Paul L. Caron
Dean





Sunday, April 17, 2022

WSJ Op-Ed: What Saint Dismas Can Teach Us About Good Friday And Easter

Wall Street Journal Op-Ed:  For Lent, I’m Reading Up on the Christian Saints, by Mike Kerrigan (Hunton Andrews Kurth, Charlotte, NC):

During Lent, I have stepped up my reading about the lives of Christian saints. The exercise has been strangely dispiriting, not because their virtue isn’t heroic, but because it’s so heroic. This is especially true for the lives of the martyrs, those who died for their faith. ...

Would I show such courage in the face of persecution, compassion for my tormentors ...? [N]o. Their standard of holiness is otherworldly.

This is why the lesson of St. Dismas, better known as the Good Thief recorded in the Gospel of Luke, is so important to me. Dismas was the criminal who was crucified to the right of Jesus on Good Friday. Recognizing his own culpability at the end of a dissolute life, Dismas humbly asked Jesus to remember him in paradise. Jesus assured Dismas he would be with him that very day in heaven, making the lowly brigand the only mortal whose hallowed forwarding address was confirmed by the Bible. ...

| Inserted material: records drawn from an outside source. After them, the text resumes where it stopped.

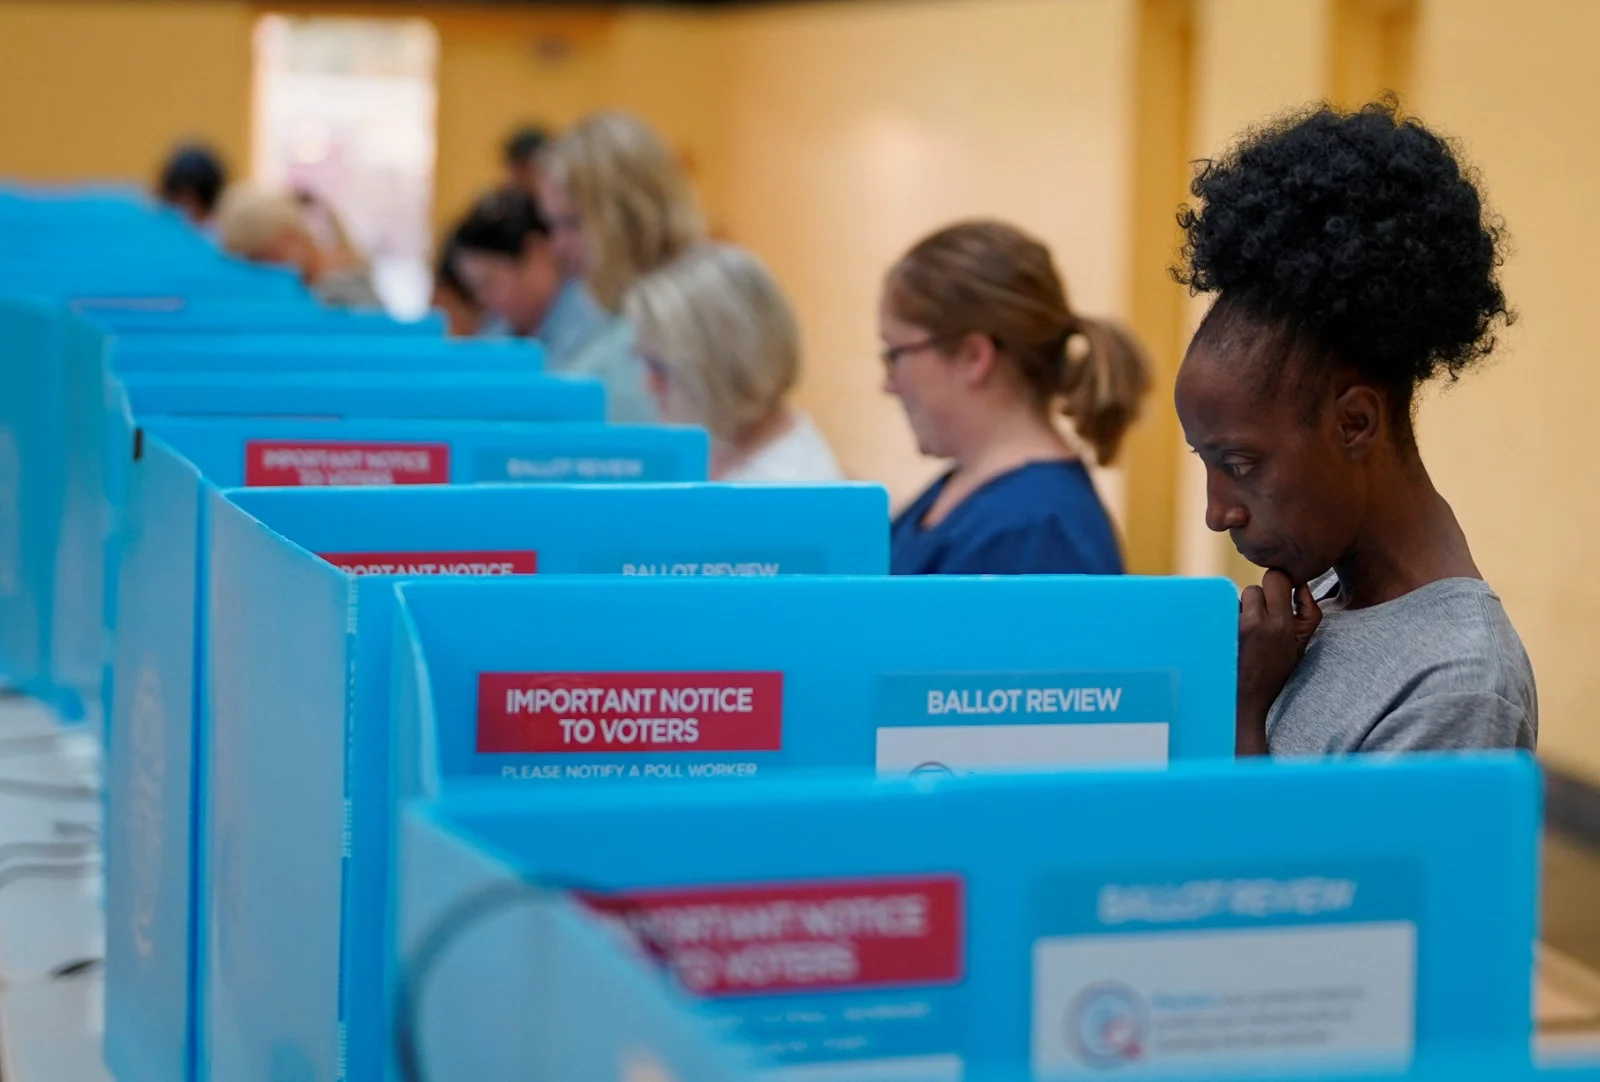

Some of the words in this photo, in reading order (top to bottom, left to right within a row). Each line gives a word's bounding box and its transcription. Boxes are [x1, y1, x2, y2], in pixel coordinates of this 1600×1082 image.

[506, 688, 656, 713] IMPORTANT
[660, 687, 753, 712] NOTICE
[926, 689, 1022, 714] BALLOT
[1025, 687, 1122, 712] REVIEW
[559, 719, 595, 743] TO
[601, 718, 700, 743] VOTERS
[502, 766, 562, 779] PLEASE
[566, 765, 626, 778] NOTIFY
[628, 765, 640, 777] A
[644, 765, 684, 777] POLL
[688, 763, 758, 777] WORKER

I love this earthiest of saints. I think of him whenever I’ve stumbled spiritually, which is to say, often. The charges against Dismas were grim and the hour late, yet he neither presumed nor despaired. Rather, in hope he literally turned to God and received a pardon that reveals not the limits of divine justice but the depths of divine mercy.

Oscar Wilde, himself a deathbed convert to Catholicism, said every saint has a past and every sinner has a future. I like to think Wilde said this with St. Dismas in mind, along with the astonishing power of forgiveness.